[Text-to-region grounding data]
►
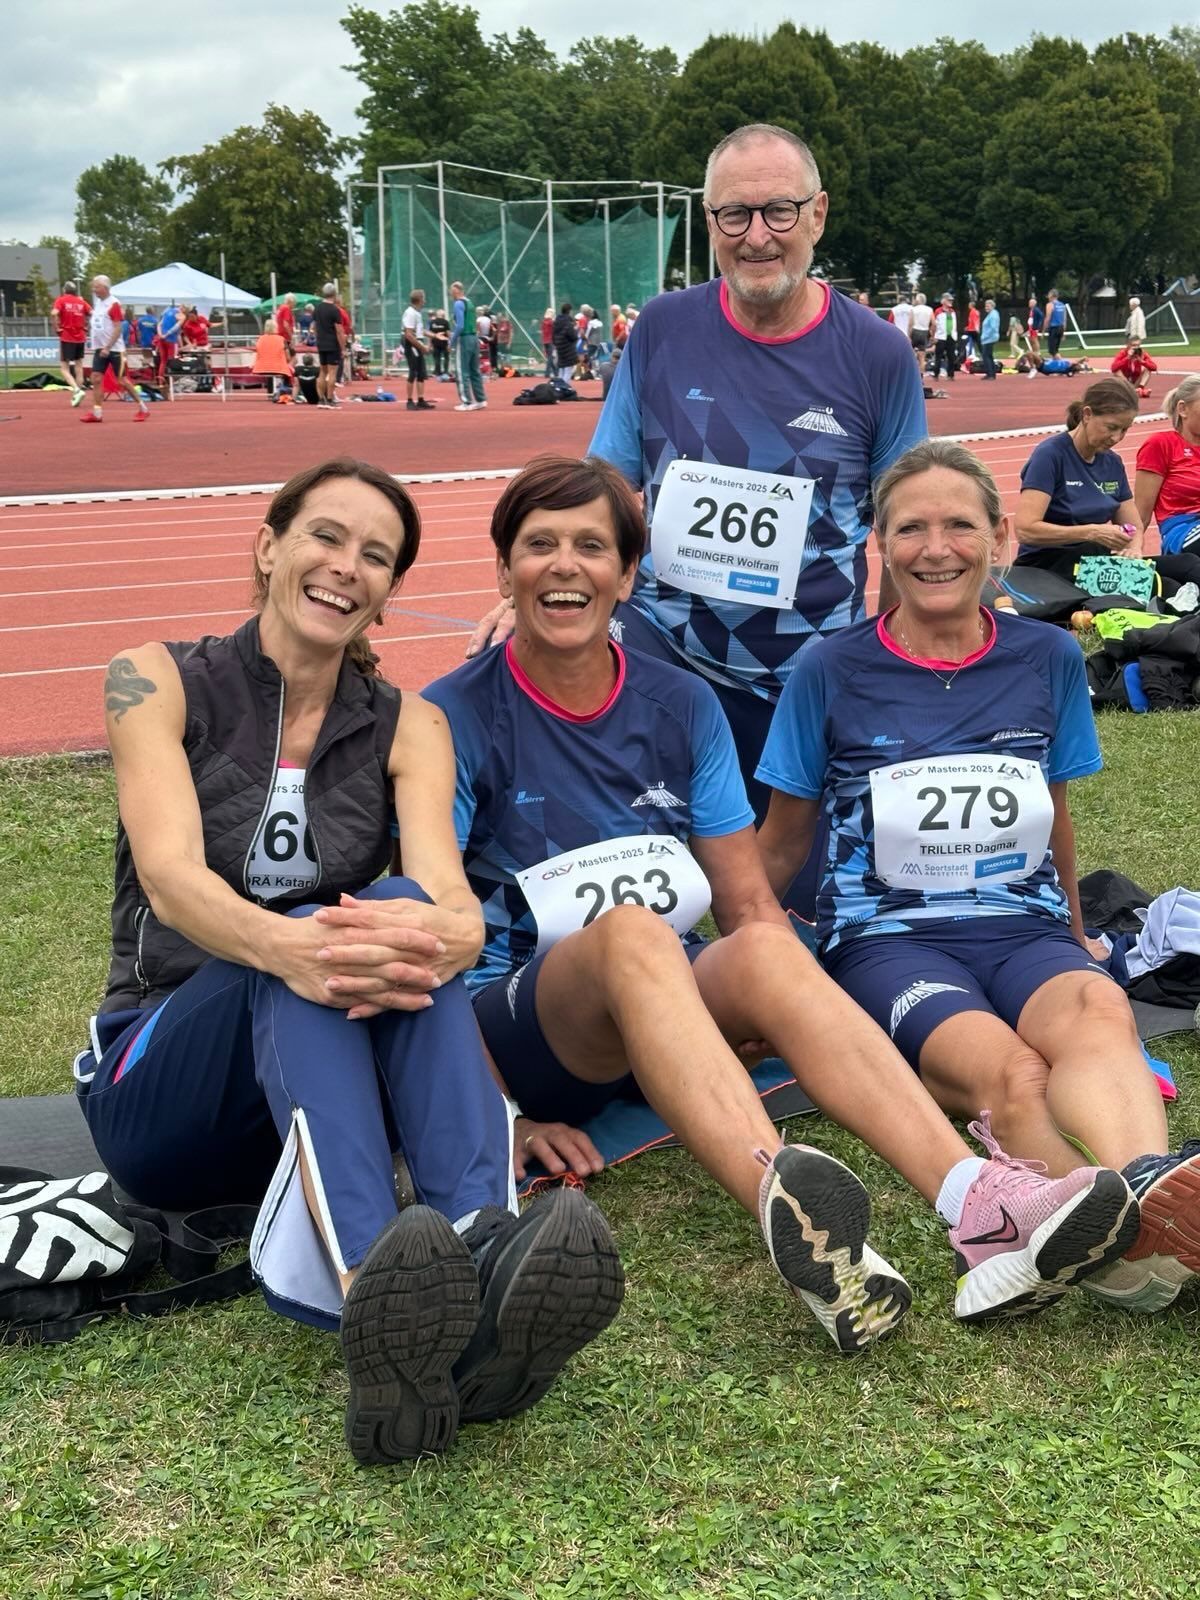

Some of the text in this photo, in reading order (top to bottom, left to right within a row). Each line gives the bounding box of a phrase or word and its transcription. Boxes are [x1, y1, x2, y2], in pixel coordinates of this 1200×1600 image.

[710, 476, 767, 493] Masters 2025
[687, 496, 779, 548] 266
[677, 547, 779, 572] HEIDINGER Wolfram
[928, 765, 994, 774] Masters 2025
[917, 785, 1019, 831] 279
[920, 841, 1017, 855] TRILLER Dagmar
[578, 847, 644, 869] Masters 2025
[925, 863, 969, 873] Sportstadt
[248, 875, 271, 887] RÄ
[575, 869, 678, 928] 263
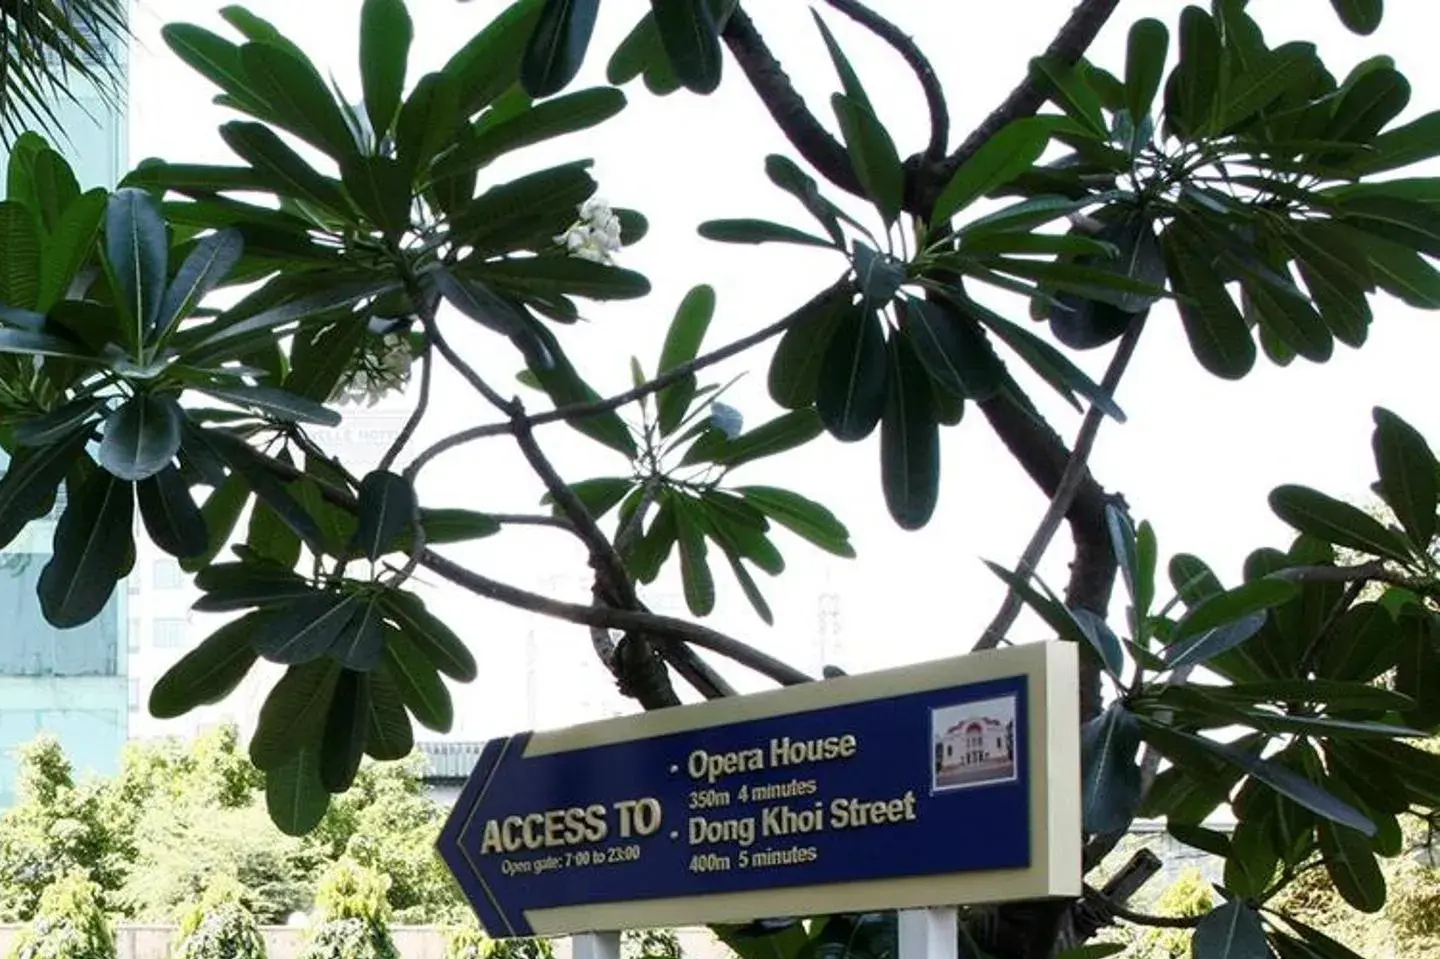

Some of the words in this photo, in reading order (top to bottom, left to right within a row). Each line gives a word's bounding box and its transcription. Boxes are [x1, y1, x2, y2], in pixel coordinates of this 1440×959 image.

[688, 748, 764, 783] Opera
[770, 734, 857, 767] House
[688, 790, 730, 809] 350m
[737, 784, 748, 803] 4
[752, 779, 817, 801] minutes
[480, 804, 608, 855] ACCESS
[613, 797, 661, 838] TO
[689, 816, 755, 846] Dong
[762, 802, 823, 836] Khoi
[830, 790, 916, 828] Street
[501, 858, 531, 876] Open
[533, 856, 563, 875] gate:
[592, 849, 606, 864] to
[608, 845, 640, 862] 23:00
[689, 854, 730, 873] 400m
[738, 850, 749, 868] 5
[752, 845, 817, 867] minutes
◄
**YOUR INSTRUCTIONS**
Set down every entry exactly as it appears, but skip the pictures.

**YOUR SOLUTION**
Some of the text in this photo, in reading order (top to bottom, left to right within a row). Each line gives the bounding box of a phrase or word and its transcription. Boxes are [x1, y1, x2, y2], in pixel coordinates of this 1200×1600 image.

[710, 476, 767, 493] Masters 2025
[687, 496, 779, 548] 266
[677, 547, 779, 572] HEIDINGER Wolfram
[928, 765, 994, 774] Masters 2025
[917, 785, 1019, 831] 279
[920, 841, 1017, 855] TRILLER Dagmar
[578, 847, 644, 869] Masters 2025
[925, 863, 969, 873] Sportstadt
[248, 875, 271, 887] RÄ
[575, 869, 678, 928] 263

Some of the words in this photo, in reading order (top to bottom, left to right within a row). Each line gives a word's bounding box and its transcription. Boxes are [x1, y1, x2, y2], in pixel coordinates of this 1440×959 image.

[688, 748, 764, 783] Opera
[770, 734, 857, 767] House
[688, 790, 730, 809] 350m
[737, 784, 748, 803] 4
[752, 779, 817, 801] minutes
[480, 804, 608, 855] ACCESS
[613, 797, 661, 838] TO
[689, 816, 755, 846] Dong
[762, 802, 823, 836] Khoi
[830, 790, 916, 828] Street
[501, 858, 531, 876] Open
[533, 856, 563, 875] gate:
[592, 849, 606, 864] to
[608, 845, 640, 862] 23:00
[689, 854, 730, 873] 400m
[738, 850, 749, 868] 5
[752, 845, 817, 867] minutes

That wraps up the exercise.